3900 Todesfälle durch Asbest bis 2040
Bis zum Jahr 2040 rechnet die Suva mit insgesamt bis zu 3900 Todesfällen. Bisher hat die Suva mehr als 5100 Fälle von asbestbedingten Berufskrankheiten anerkannt. So ist Asbest 30 Jahre nach dem Verbot für die Hälfte aller Todesfälle in der Berufsunfallversicherung verantwortlich.
Seit drei Jahren springt eine privatrechtliche Stiftung ein, der «Entschädigungsfonds für Asbestopfer» (EFA). Dabei geht es darum, auch Asbestopfer in eine Entschädigungslösung einzuschliessen, die nicht der obligatorischen Unfallversicherung unterstehen. Betroffen waren beispielsweise Frauen von Arbeitern, die asbestverschmutzte Kleidung wuschen.

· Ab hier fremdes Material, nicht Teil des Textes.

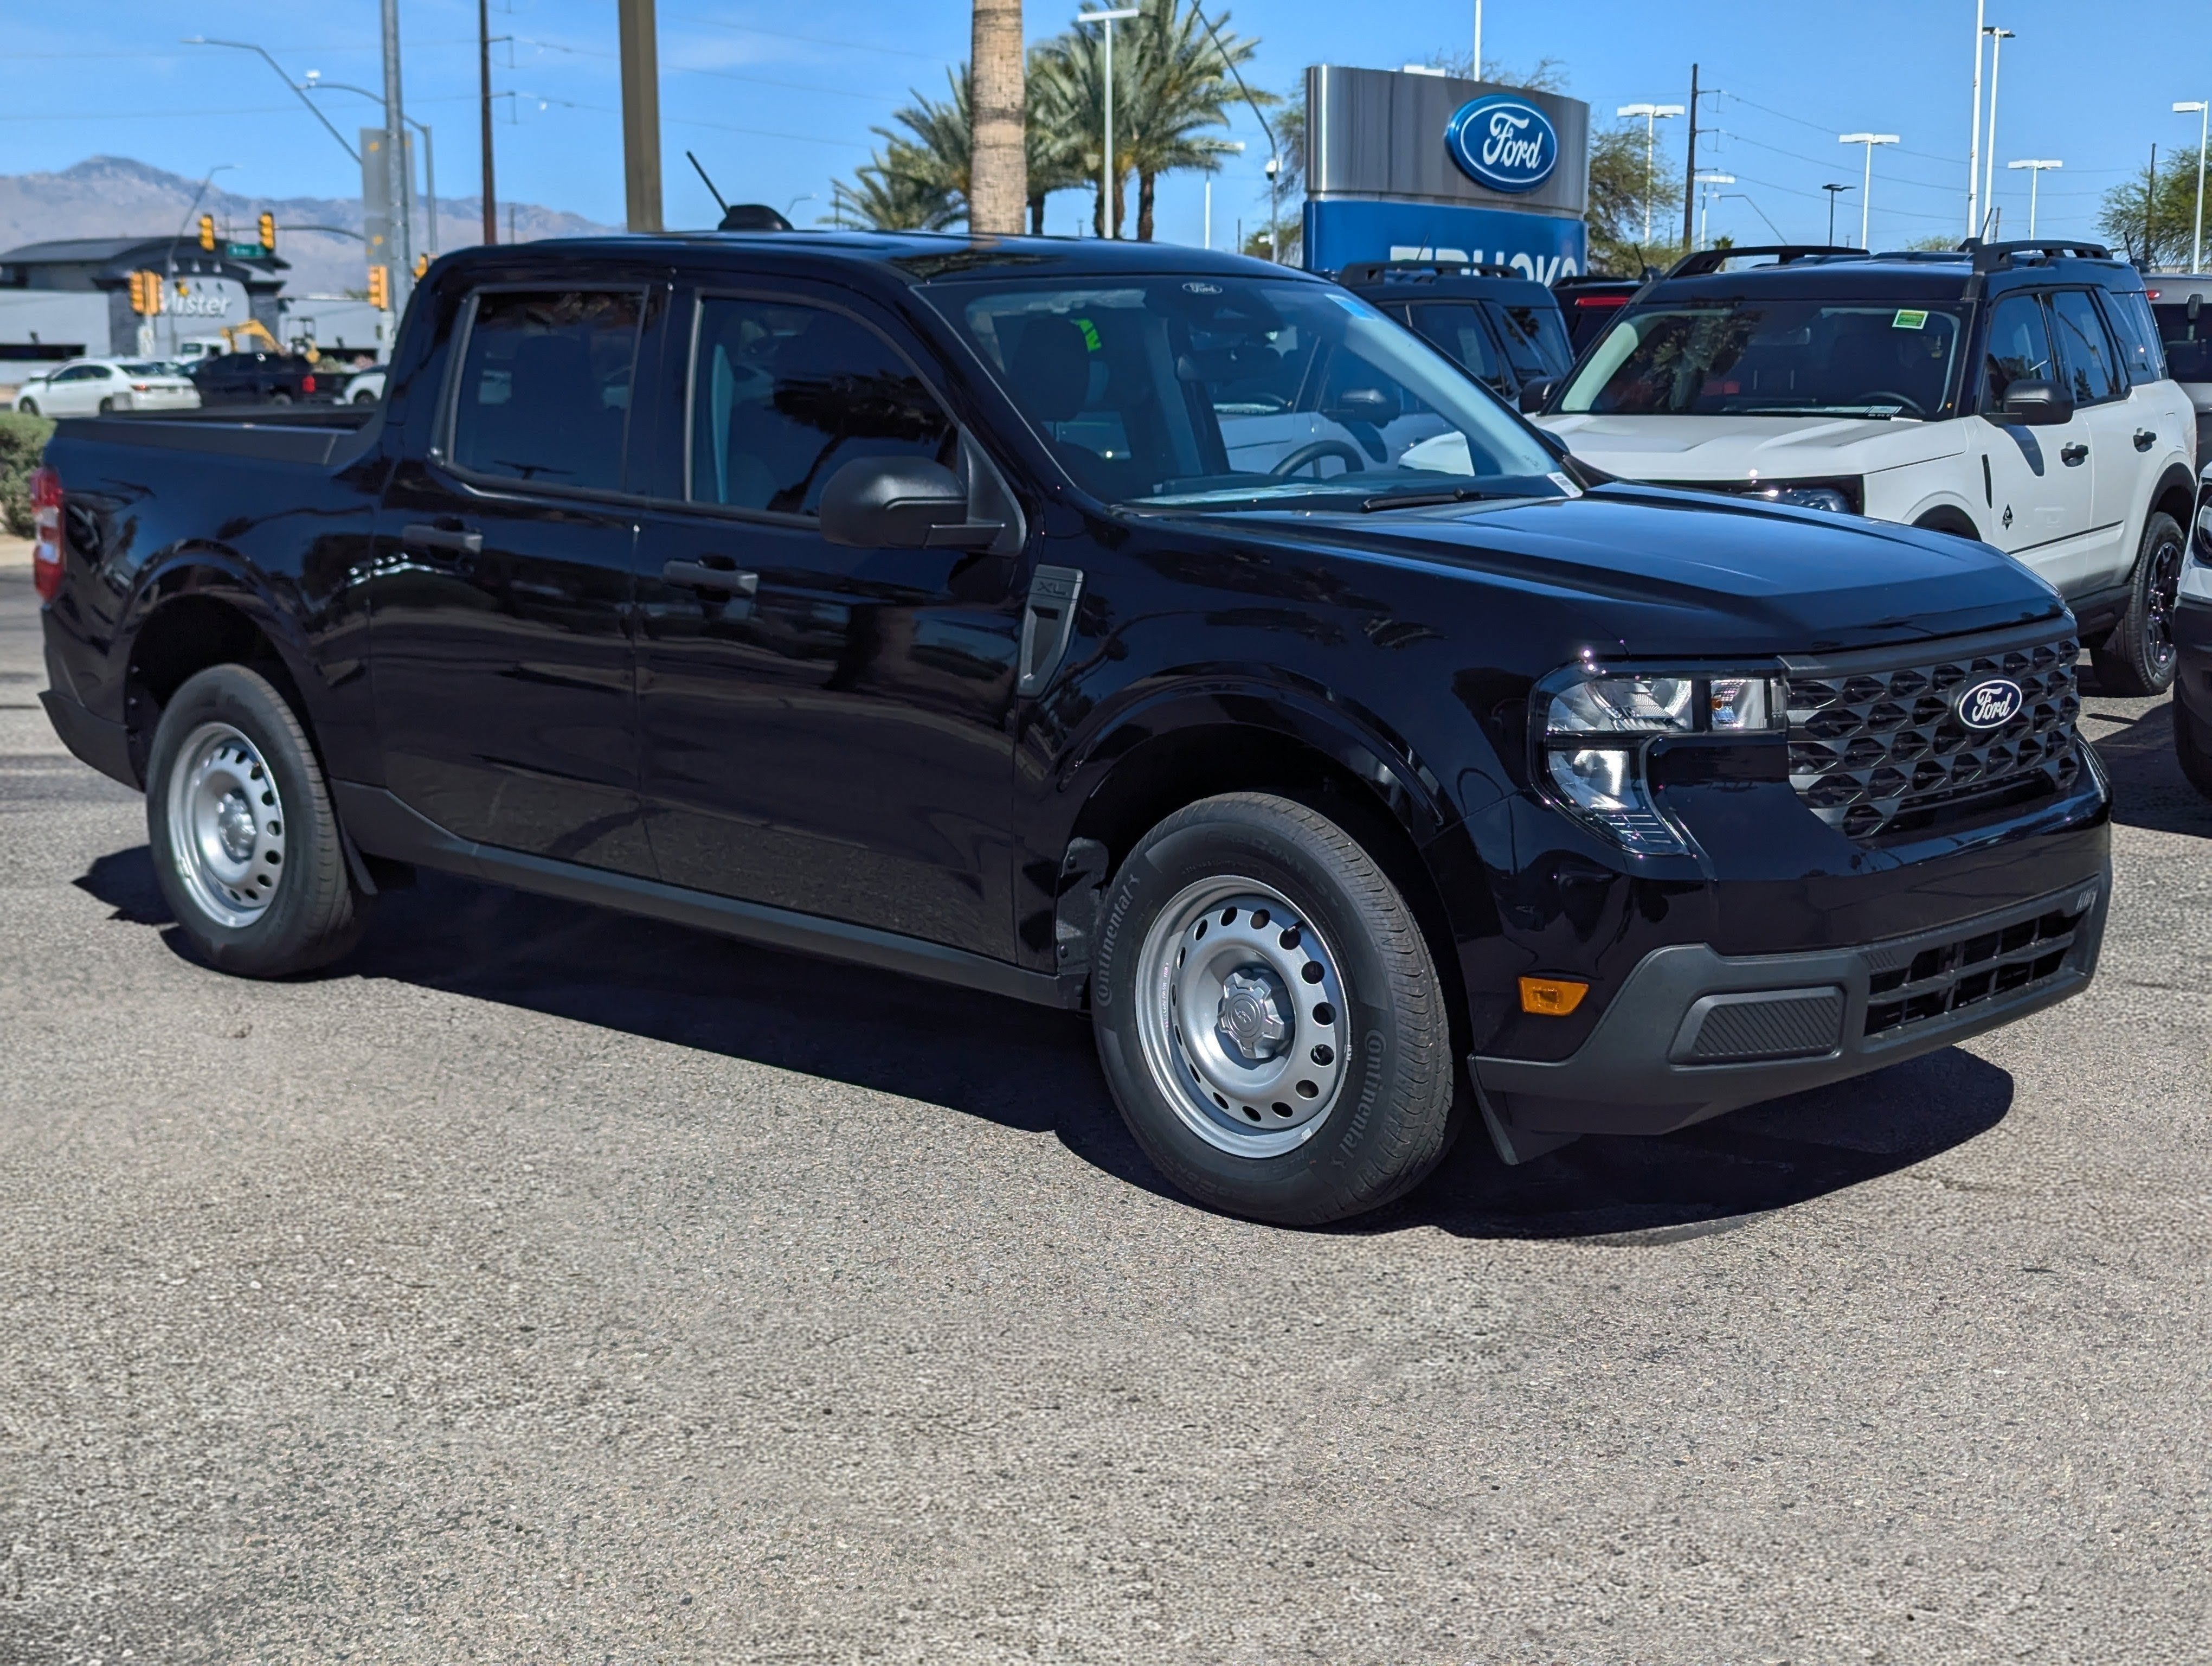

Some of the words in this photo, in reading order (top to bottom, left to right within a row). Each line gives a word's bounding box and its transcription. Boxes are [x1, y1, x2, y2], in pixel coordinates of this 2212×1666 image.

Gesuche für Entschädigungen erreichten 2019 Höchststand
Doch die Anzahl Entschädigungen und Gesuche für Asbestopfer hat letztes Jahr einen Höchststand erreicht. Nun droht der Stiftung das Geld auszugehen. Seit der Gründung gingen insgesamt 24 Millionen Franken an Spenden ein. Benötigt werden bis 2025 voraussichtlich 100 Millionen Franken.
Um die Bemühungen der Suva und des Bundes zu koordinieren, wurde 2002 eine gemeinsame Informationsplattform geschaffen. Das Forum Asbest Schweiz (FACH).